Mechanistic Study of Acetate-Assisted C−H Activation of 2-Substituted Pyridines with [MCl2Cp*]2 (M = Rh, Ir) and [RuCl2(p-cymene)]2
journal contributionposted on 2009-01-26, 00:00 authored by Youcef Boutadla, Omar Al-Duaij, David L. Davies, Gerald A. Griffith, Kuldip Singh
Reactions of 2-substituted pyridines HL with [MCl2Cp*]2 (M = Ir, Rh) and [RuCl2(p-cymene)]2 have been carried out in the presence and absence of sodium acetate. 2-Phenylpyridine (HL1) is cyclometalated easily to form [MCl(L1)(ring)] 1a−c (M = Rh, Ir, ring = Cp*; M = Ru, ring = p-cymene). However, in the case of 2-acetylpyridine (HL2) sp3 CH activation occurs cleanly with rhodium to form N,C chelate complex [RhCl(L2)Cp*] 2b, but the reactions with iridium and ruthenium give unseparable mixtures of products.
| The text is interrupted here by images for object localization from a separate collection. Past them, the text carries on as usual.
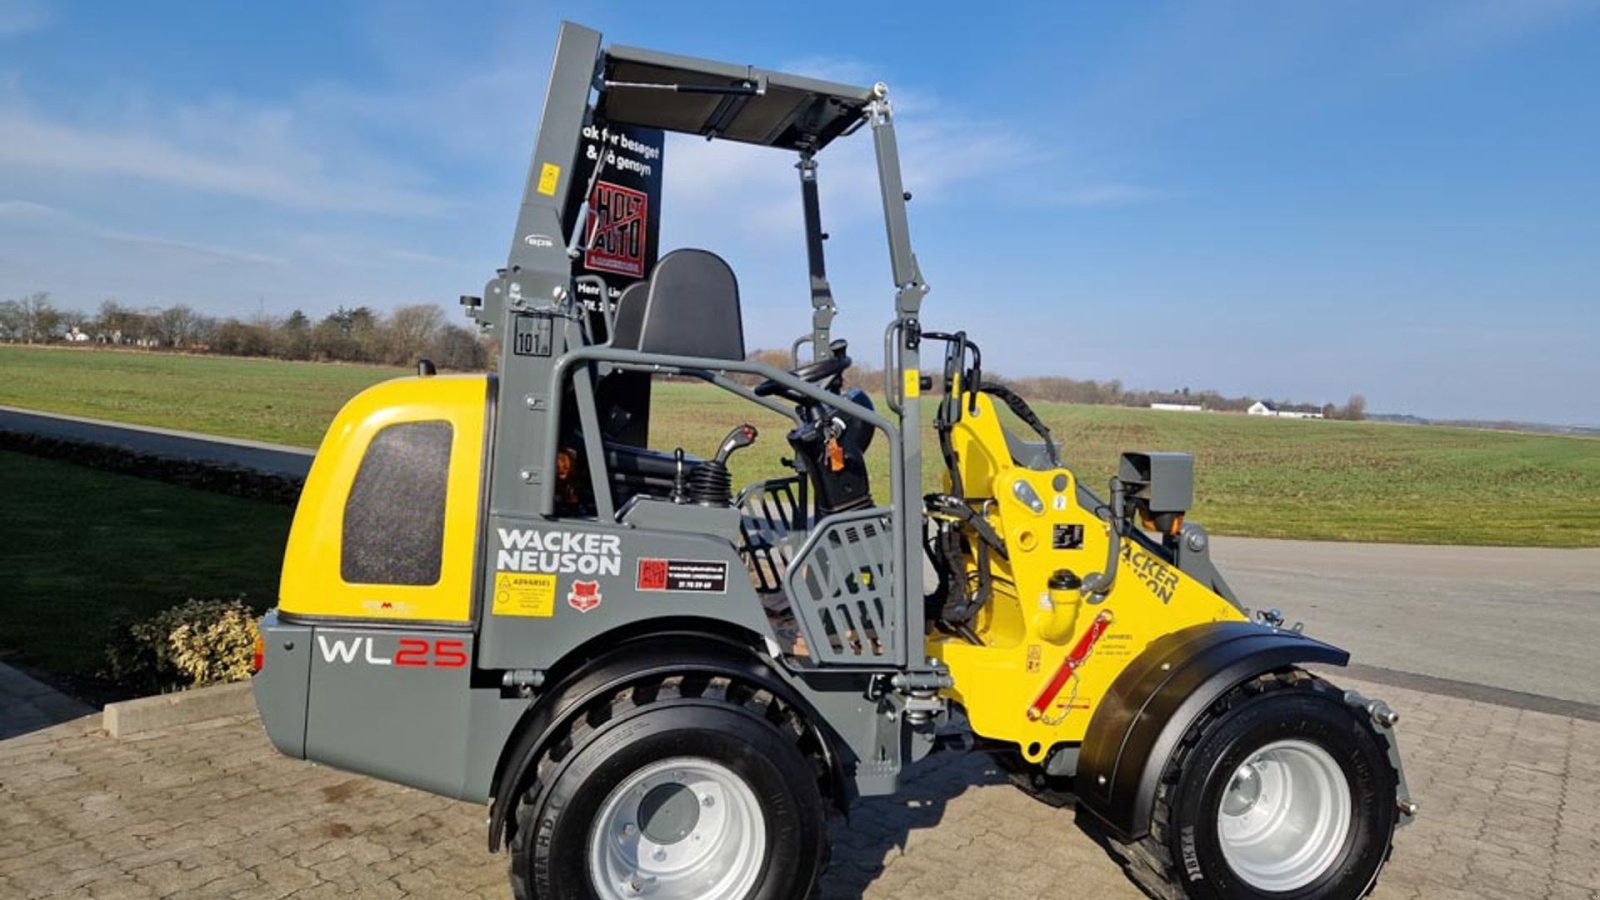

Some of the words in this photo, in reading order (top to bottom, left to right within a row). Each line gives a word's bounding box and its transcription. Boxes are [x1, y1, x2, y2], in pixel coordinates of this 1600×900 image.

[582, 125, 599, 140] ak
[620, 133, 659, 159] besøget
[586, 145, 597, 159] &
[617, 156, 651, 177] gensyn
[597, 187, 642, 226] HOLT
[593, 218, 641, 259] AUTO
[577, 283, 600, 295] Henr
[519, 332, 540, 354] 101
[497, 528, 621, 555] WACKER
[497, 550, 621, 576] NEUSON
[1121, 543, 1180, 590] ACKER
[318, 636, 467, 667] WL25
The N,C cyclometalated products [MCl(L2)(ring)] 2a−c (M = Ir, Rh, ring = Cp*; M = Ru, ring = p-cymene) have been independently prepared from the lithium enolates of 2-acetylpyridine. Notably, in the absence of acetate, [RhCl2Cp*]2 shows no reaction with 2-acetylpyridine, whereas [IrCl2Cp*]2 and [RuCl2(p-cymene)]2 react to form equilibrium mixtures of the starting materials and N,O chelate complexes 4a,c, respectively. In the presence of KPF6 the N,O chelate complexes [MCl(HL2)(ring)][PF6] 4a,c,d (M = Ir, ring = Cp*; M = Ru, ring = p-cymene, mesitylene) can be isolated. These are not intermediates en route to the N,C cyclometalated products. These results suggest that for CH activation to occur under these mild conditions acetate must coordinate to the metal prior to coordination of the ligand.